Tuesday, November 27, 2007


My ER month is almost over. I had my last shift last weekend, and went on an ambulance ride-along yesterday. This has been the best schedule during all my time in medical school. I even managed to go home for a couple days for Thanksgiving! I do unfortunately have to take an exam for the first time in fourth year on Thursday which I am wildly unprepared for.

Interview season has begun in earnest. I had my first a couple weeks ago--I liked the program and the people, the location however left something to be desired. The next three weeks will entail a lot of travelling, going to a lot of awkward night-before dinners, being asked the same questions (why surgery? why this program? what are your strengths/weaknesses?) dozens of times by dozens of people, having to ask the same questions (what are the best points of this program?) dozens of times, and driving a lot.
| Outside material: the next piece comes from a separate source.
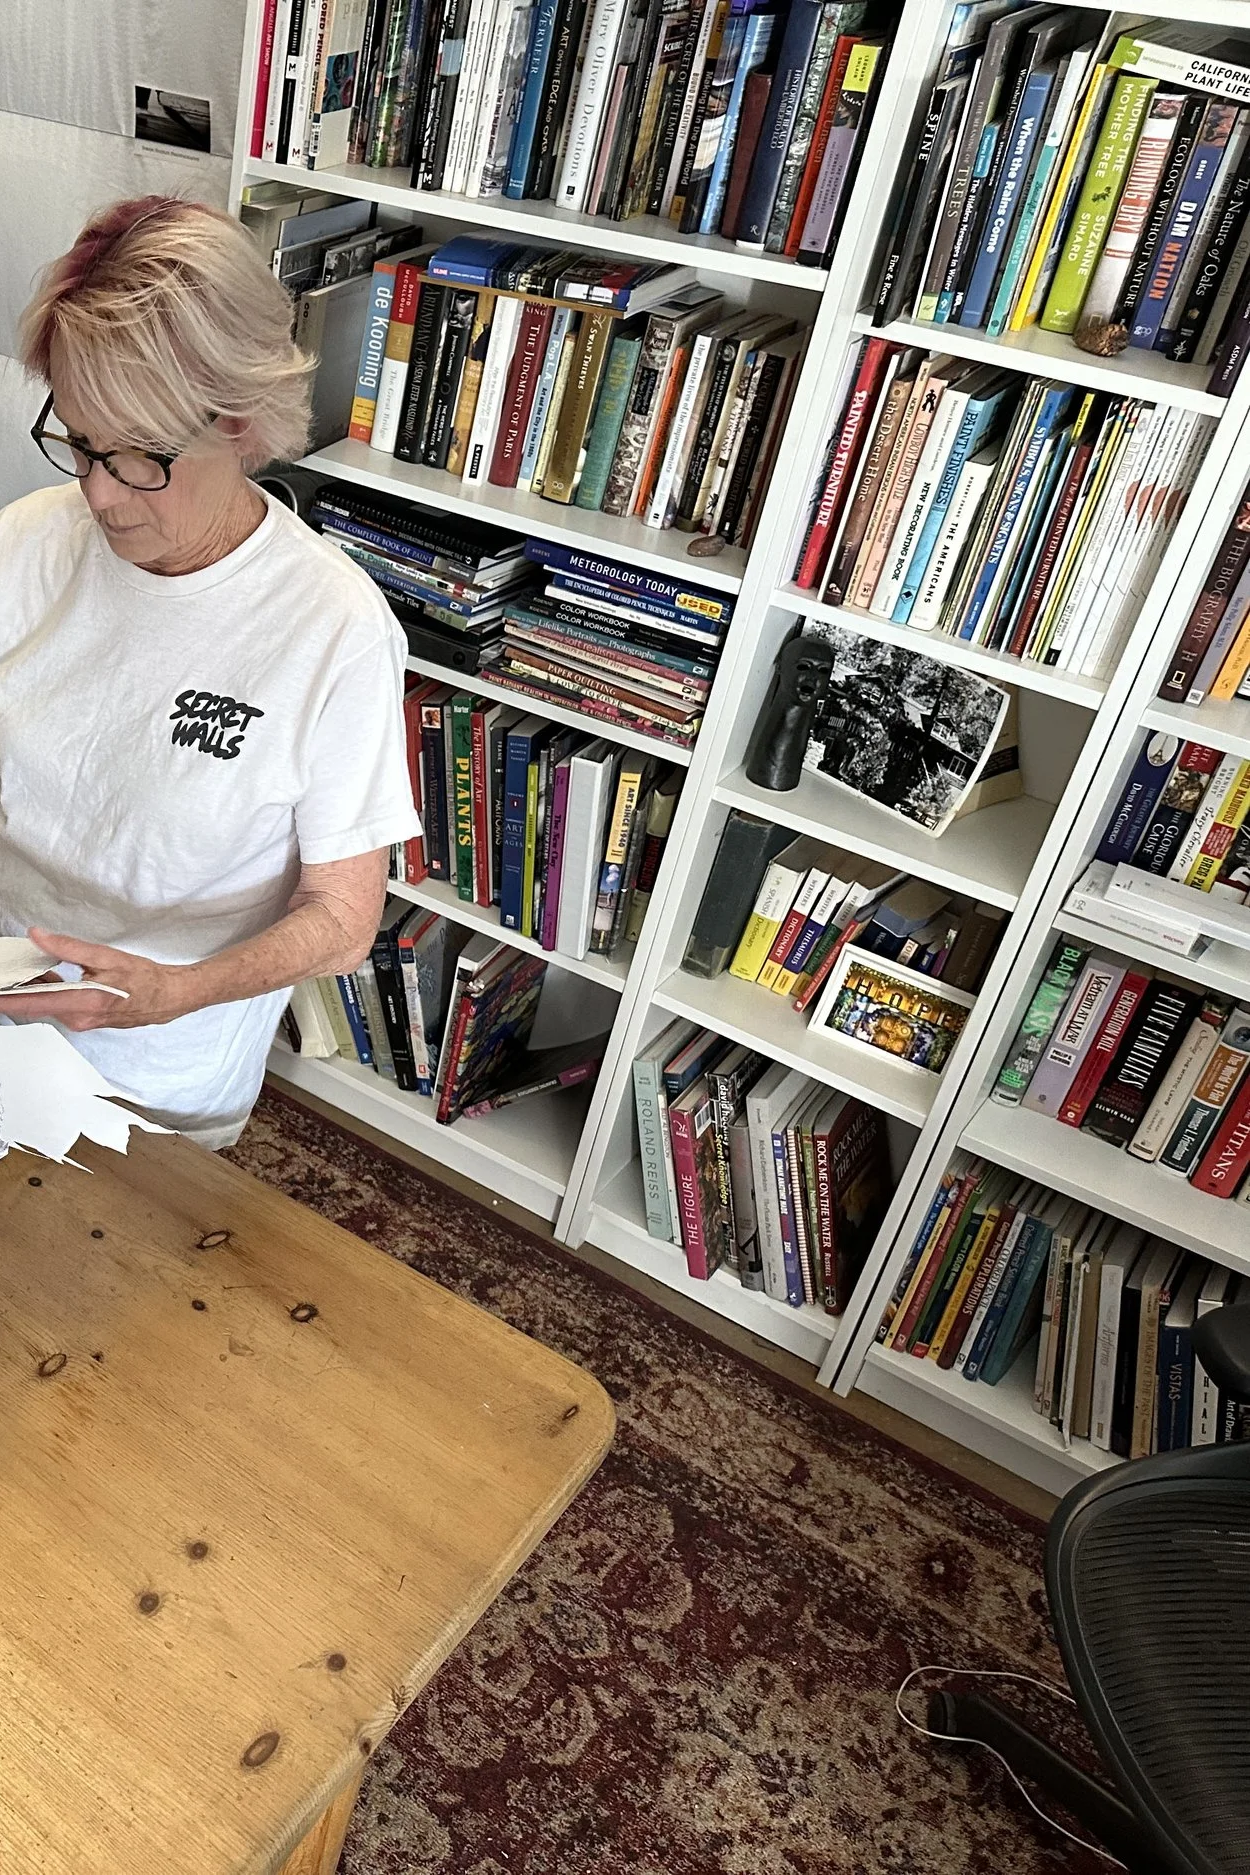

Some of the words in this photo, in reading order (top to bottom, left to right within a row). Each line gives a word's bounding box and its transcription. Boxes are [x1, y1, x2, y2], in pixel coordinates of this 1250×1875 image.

The question I hate with a passion, is of course, the strengths/weaknesses question. The strengths question kind of makes sense, but I don't understand the weaknesses question. Clearly if the interviewee has weaknesses that should be a concern, s/he is not going to admit them to the interviewer. Which leaves the old strategy of taking something that's actually a strength and pretending it's a weakness (I care too much. I work too hard. I have to get things just right. Patients say that I'm so great that something must be going wrong because no one can be that perfect. Etc.) which naturally everyone sees right through. Being asked these questions so many times, I am constantly tempted to deliver a flippant answer with a totally straight face. Here are some examples:


I've found that my telekinetic abilities are a stunning asset in virtually every situation.
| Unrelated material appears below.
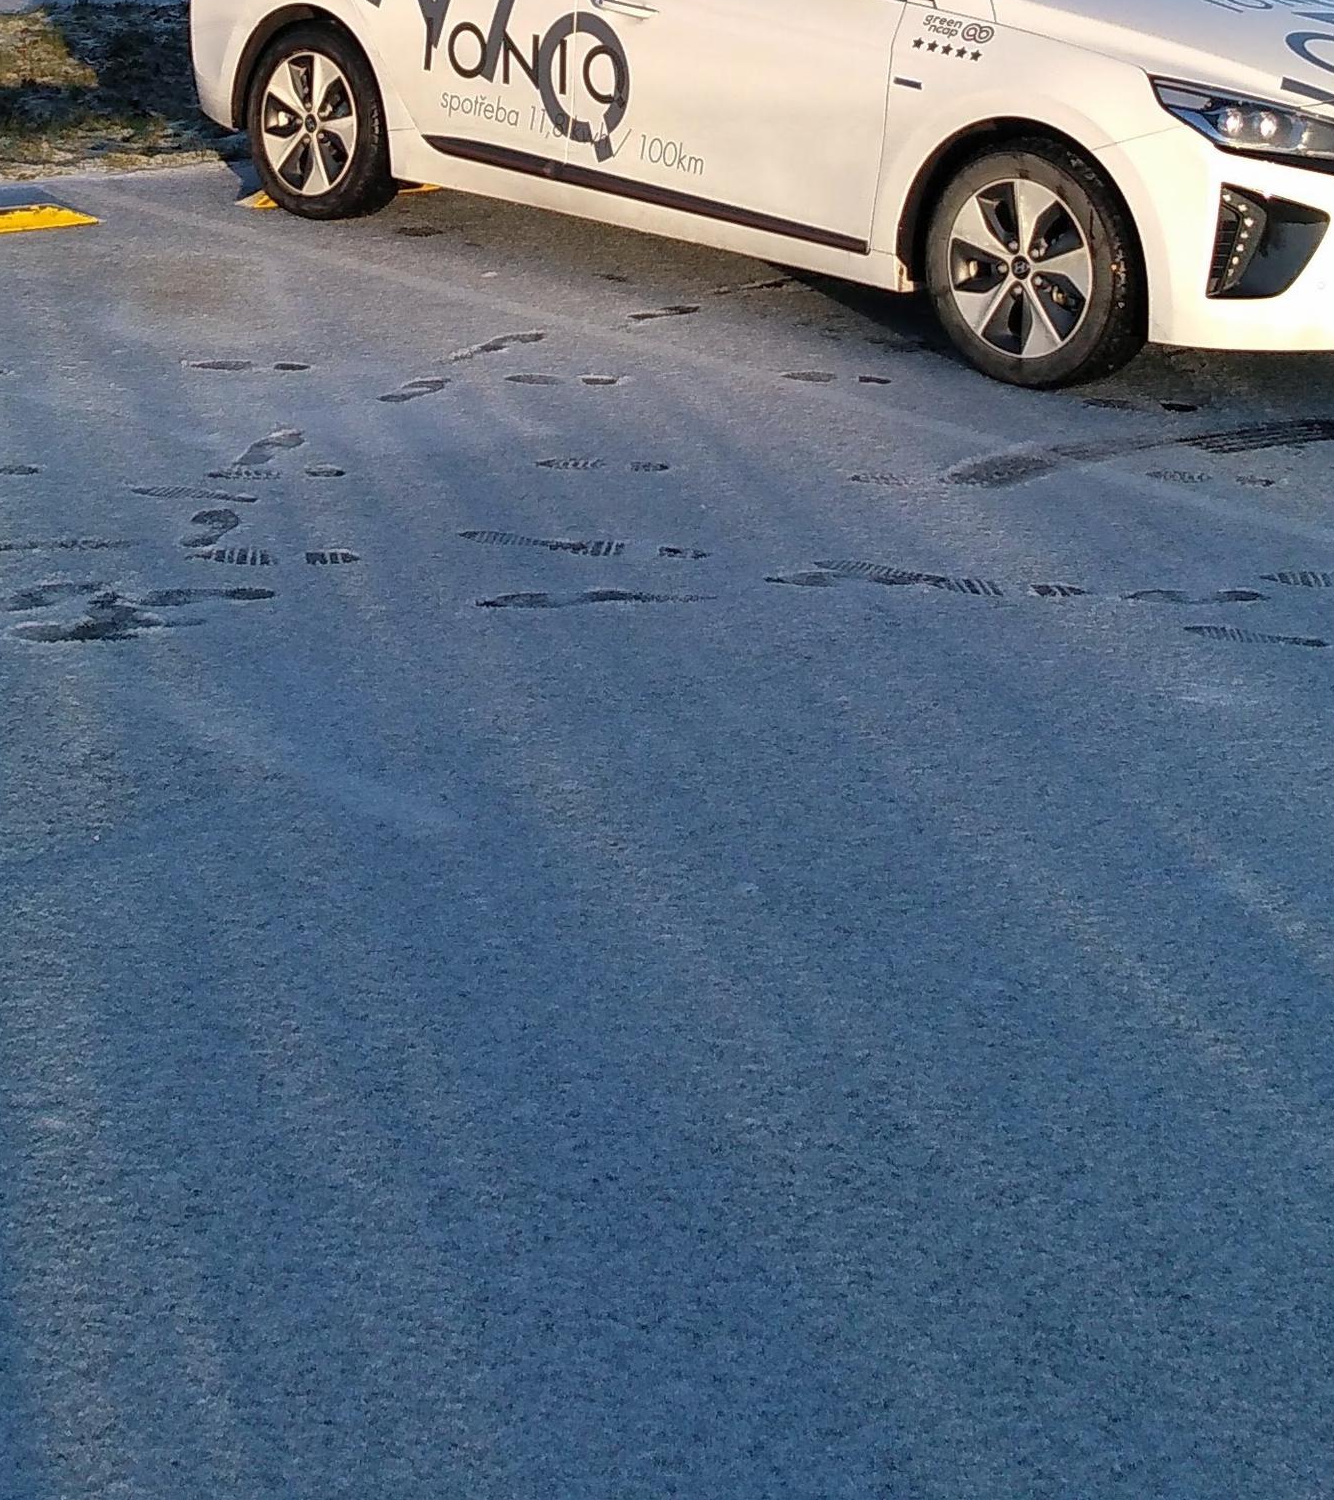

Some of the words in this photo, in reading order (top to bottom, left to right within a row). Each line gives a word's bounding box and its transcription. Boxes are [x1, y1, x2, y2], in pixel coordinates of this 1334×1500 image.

[923, 14, 963, 29] green
[928, 24, 959, 39] ncap
[440, 90, 520, 128] spotřeba
[640, 134, 705, 176] 100km
In addition to my commitment to surgery, I have many interests outside of medicine. For instance; last summer I learned to translate hieroglyphics, wrote a best-selling novel, and just for fun discovered how to divide by zero.


Patients say I don't empathize well.

Sometimes I think I like cutting people too much.

I faint at the sight of blood.

Technically, I'm not supposed to be within 500 ft of several people in this town.

My therapist tells me I have some issues I need to deal with before being around patients. But it's all right, the voices in the ceiling say I'm good to go.

I don't deal with correction well.

In stressful situations I tend to break down.


Anonymous Dr. Alice said...

That is hilarious. Perhaps you could find out whether a program is a good fit by trying out some of those answers, and seeing if any program directors find them funny.

7:02 PM  
Blogger Helen said...

Those answers are very funny. Keep up the sense of humor.